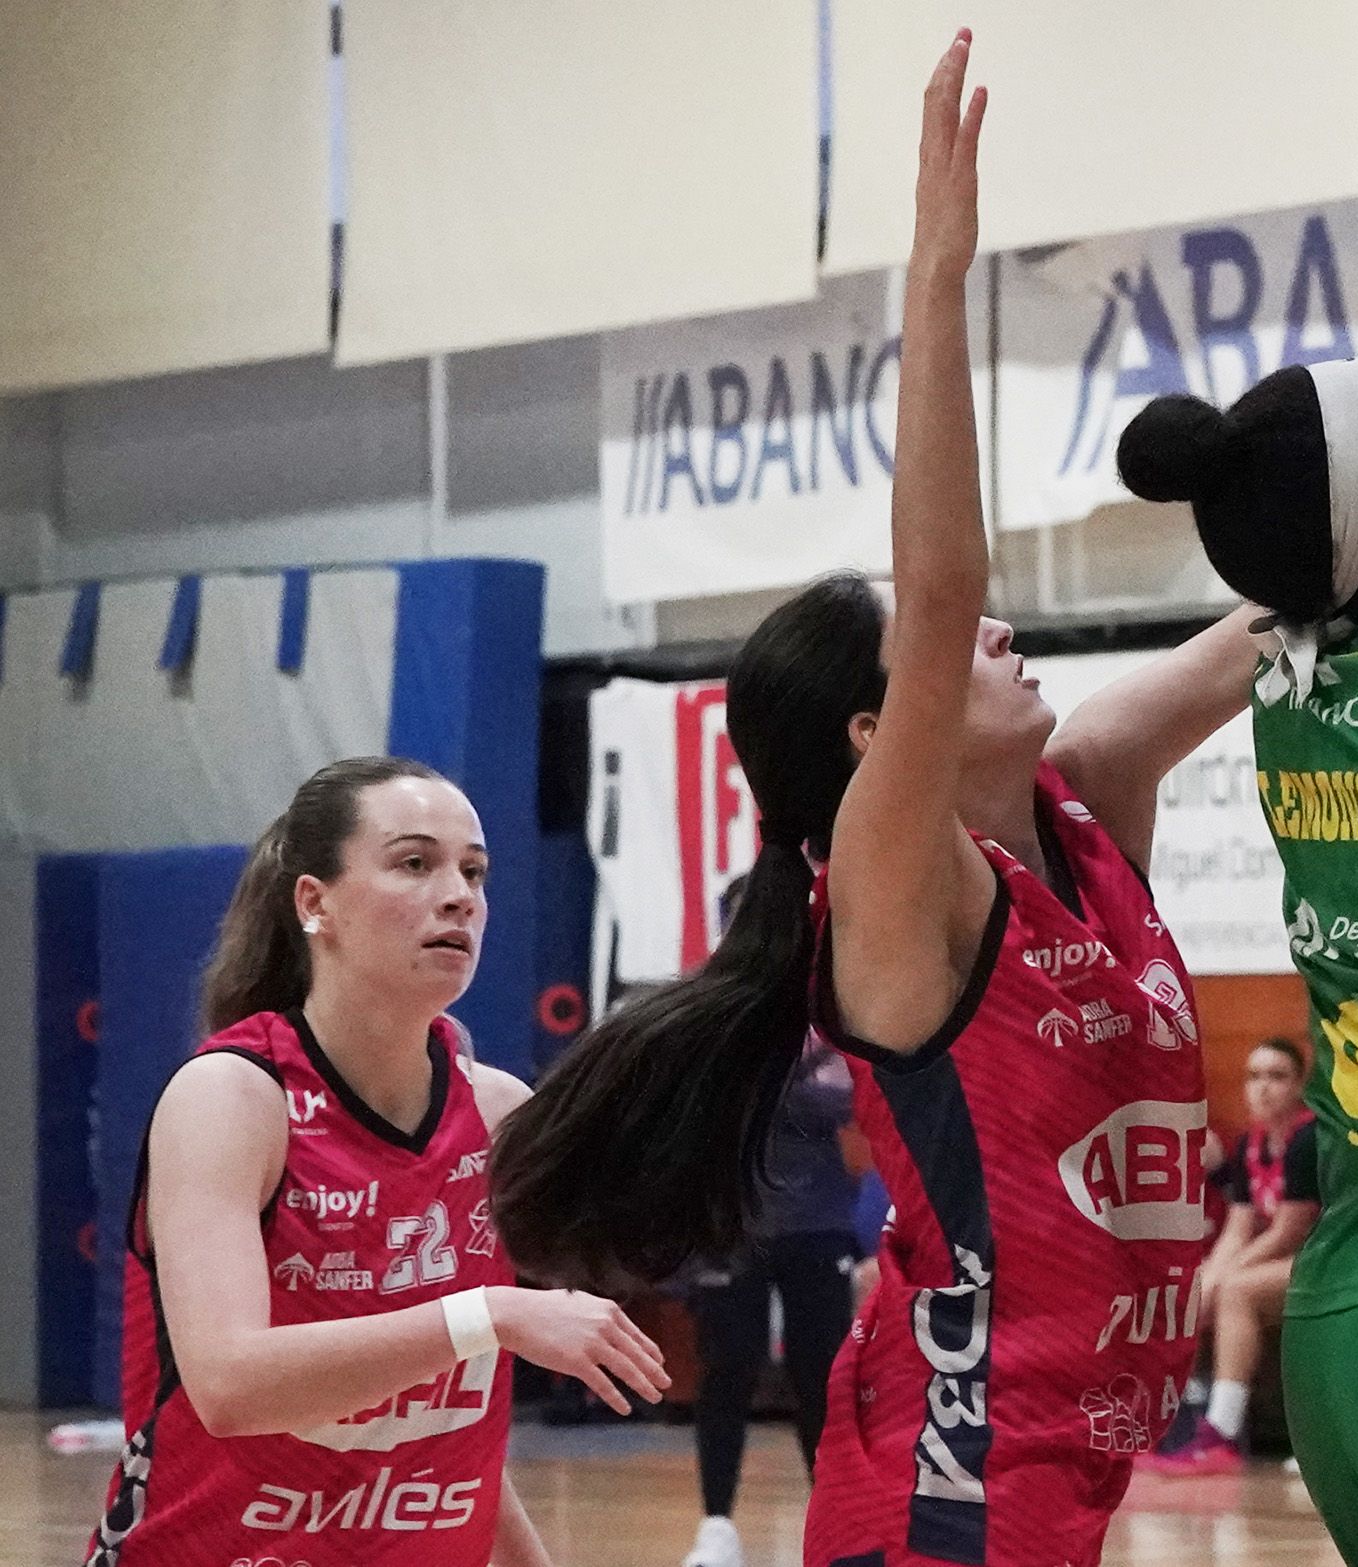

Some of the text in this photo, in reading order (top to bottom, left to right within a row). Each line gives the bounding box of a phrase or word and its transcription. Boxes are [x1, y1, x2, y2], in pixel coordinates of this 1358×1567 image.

[624, 334, 902, 515] ABANC
[1022, 937, 1116, 978] enjoy!
[1084, 1014, 1133, 1045] SANFER
[286, 1180, 379, 1219] enjoy!
[378, 1199, 458, 1295] 22
[240, 1466, 483, 1533] avilés
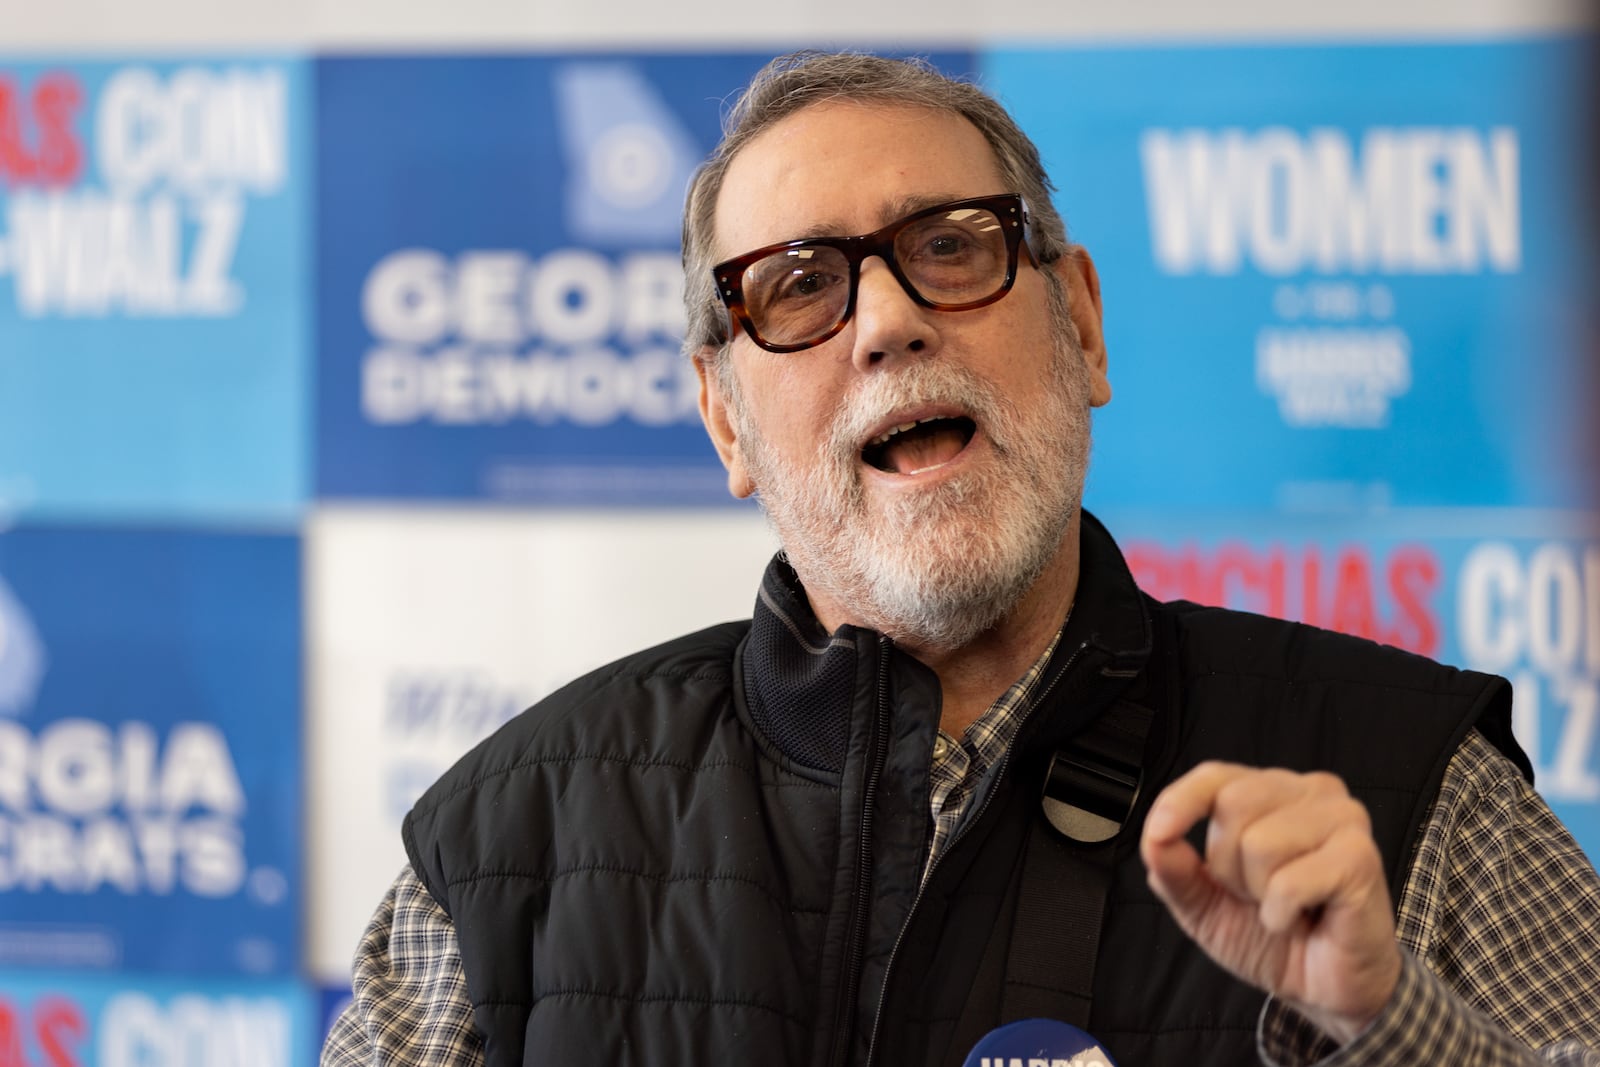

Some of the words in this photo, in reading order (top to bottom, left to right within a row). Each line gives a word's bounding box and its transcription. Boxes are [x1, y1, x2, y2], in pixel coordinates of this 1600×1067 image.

[97, 68, 288, 194] CON
[1143, 127, 1521, 275] WOMEN
[361, 347, 703, 425] DEMOC
[0, 815, 246, 896] RATS
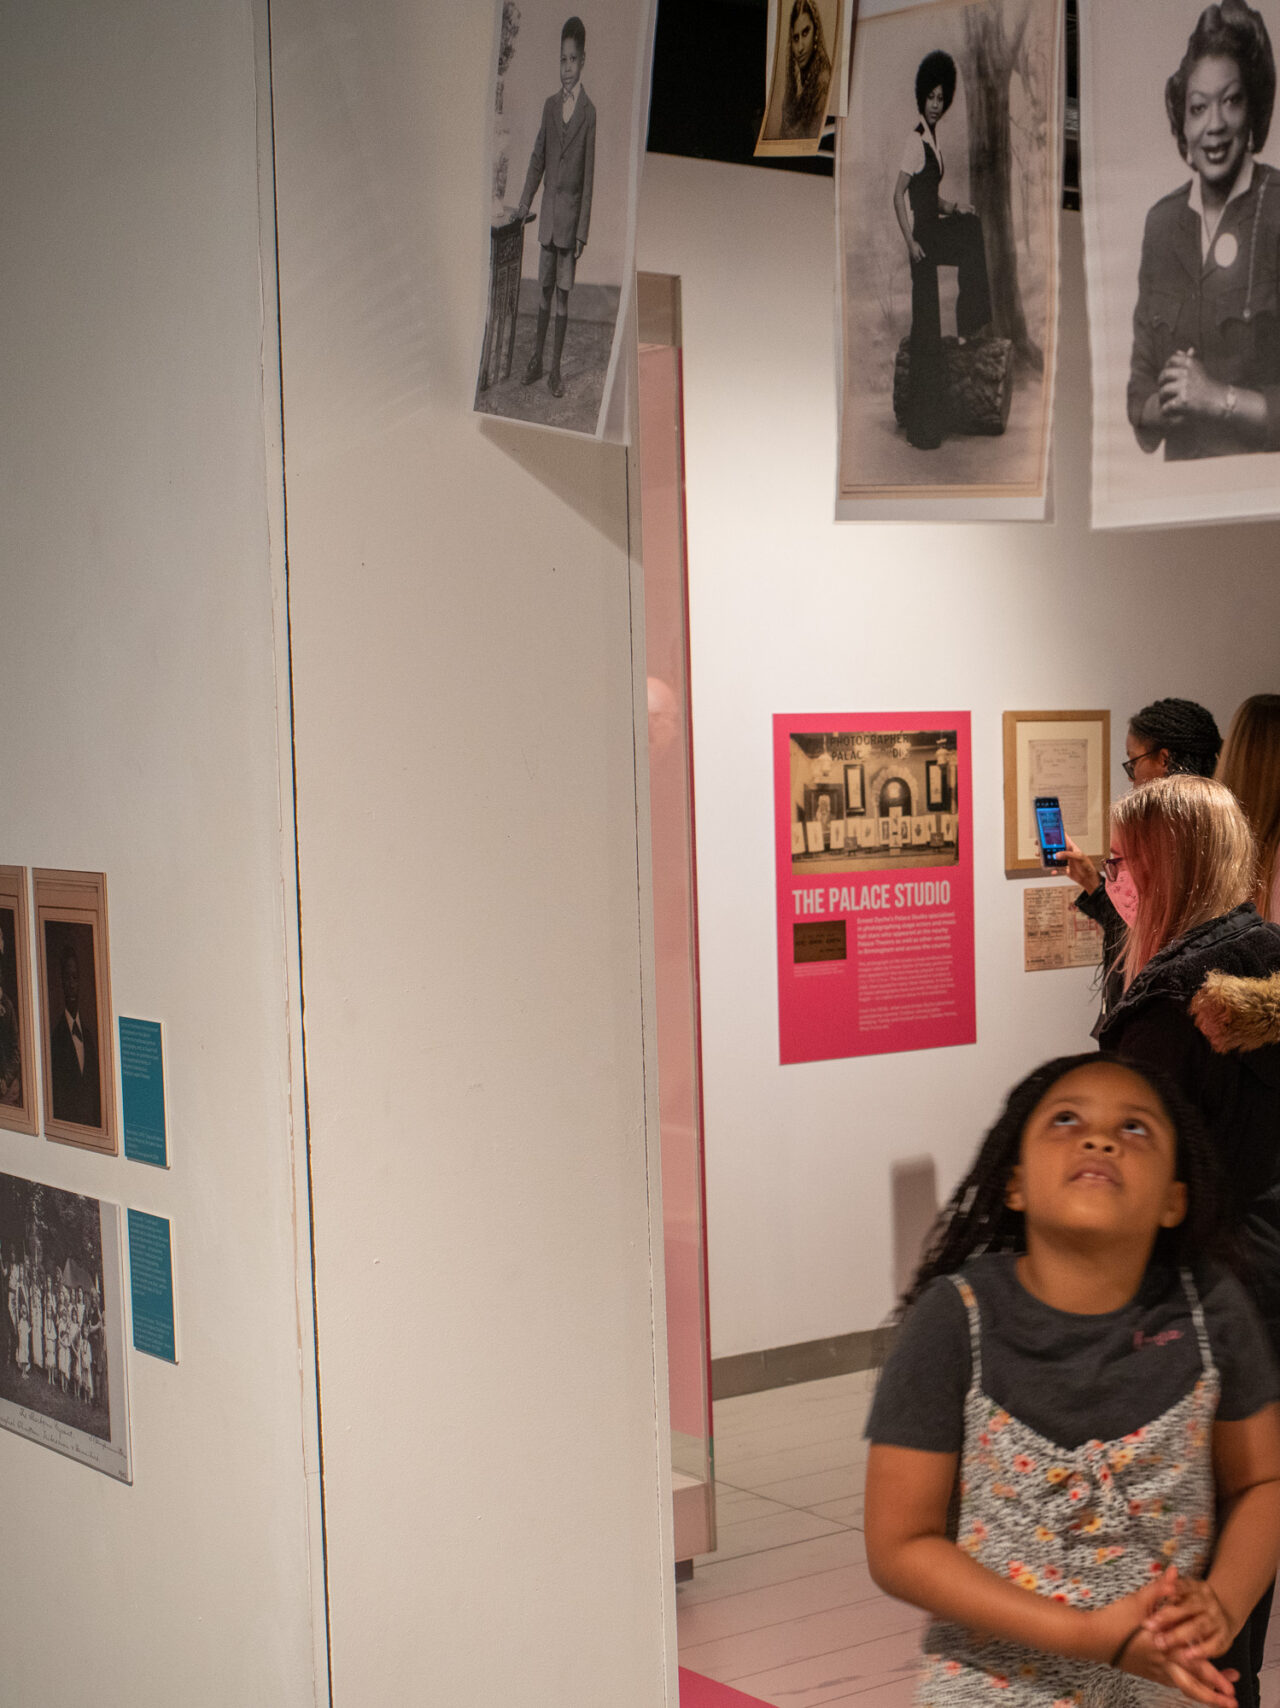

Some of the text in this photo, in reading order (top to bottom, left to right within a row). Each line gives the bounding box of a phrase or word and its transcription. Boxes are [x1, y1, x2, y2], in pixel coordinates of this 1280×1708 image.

[831, 733, 909, 746] PHOTOGRAPHER
[831, 750, 863, 761] PALAC
[792, 880, 950, 915] THE PALACE STUDIO
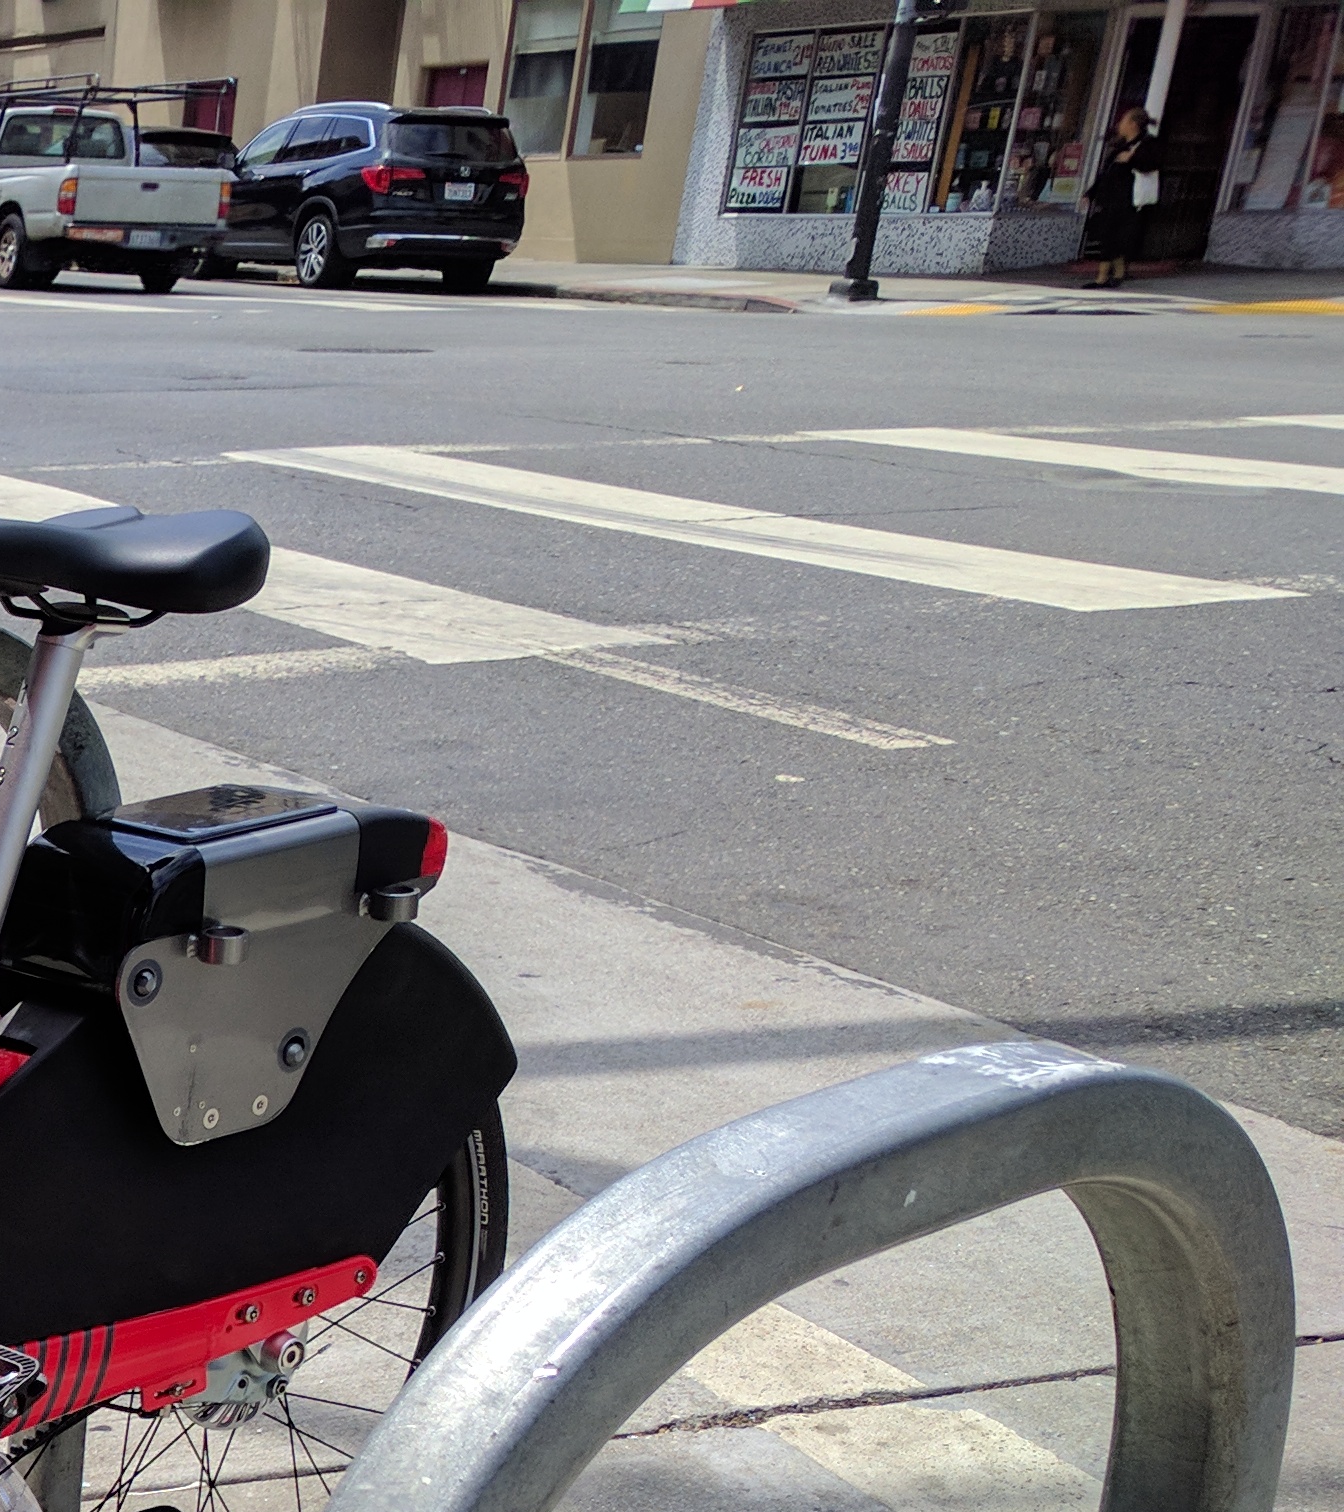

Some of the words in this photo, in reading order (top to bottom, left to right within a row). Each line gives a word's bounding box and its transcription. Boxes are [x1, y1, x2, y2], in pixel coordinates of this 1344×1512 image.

(TASK ITEM):
Would you write out the data exactly, with no pictures in the copy?

(EXERCISE ANSWER):
Some of the text in this photo, in reading order (top to bottom, left to right within a row). Each line gives the bounding box of a phrase or word and its transcription. Boxes are [x1, y1, x2, y2], in pixel coordinates of this 1358×1567 image.

[624, 334, 902, 515] ABANC
[1022, 937, 1116, 978] enjoy!
[1084, 1014, 1133, 1045] SANFER
[286, 1180, 379, 1219] enjoy!
[378, 1199, 458, 1295] 22
[240, 1466, 483, 1533] avilés

Some of the words in this photo, in reading order (top to bottom, left to right within a row). Each line gives a word's bounding box and its transcription. Boxes are [x1, y1, x2, y2], in pixel coordinates of this 1600×1067 image.

[97, 68, 288, 194] CON
[1143, 127, 1521, 275] WOMEN
[361, 347, 703, 425] DEMOC
[0, 815, 246, 896] RATS

Some of the text in this photo, in reading order (top to bottom, left to right within a row). Each line gives the bounding box of a phrase or word and its transcription. Boxes are [x1, y1, x2, y2], in pixel coordinates of this 1280×1708 image.

[831, 733, 909, 746] PHOTOGRAPHER
[831, 750, 863, 761] PALAC
[792, 880, 950, 915] THE PALACE STUDIO

Some of the words in this photo, in reading order (top to bottom, left to right within a row). Each line gives a word's bounding box and its transcription. Boxes are [x1, y1, x2, y2], in pixel coordinates of this 1344×1512 image.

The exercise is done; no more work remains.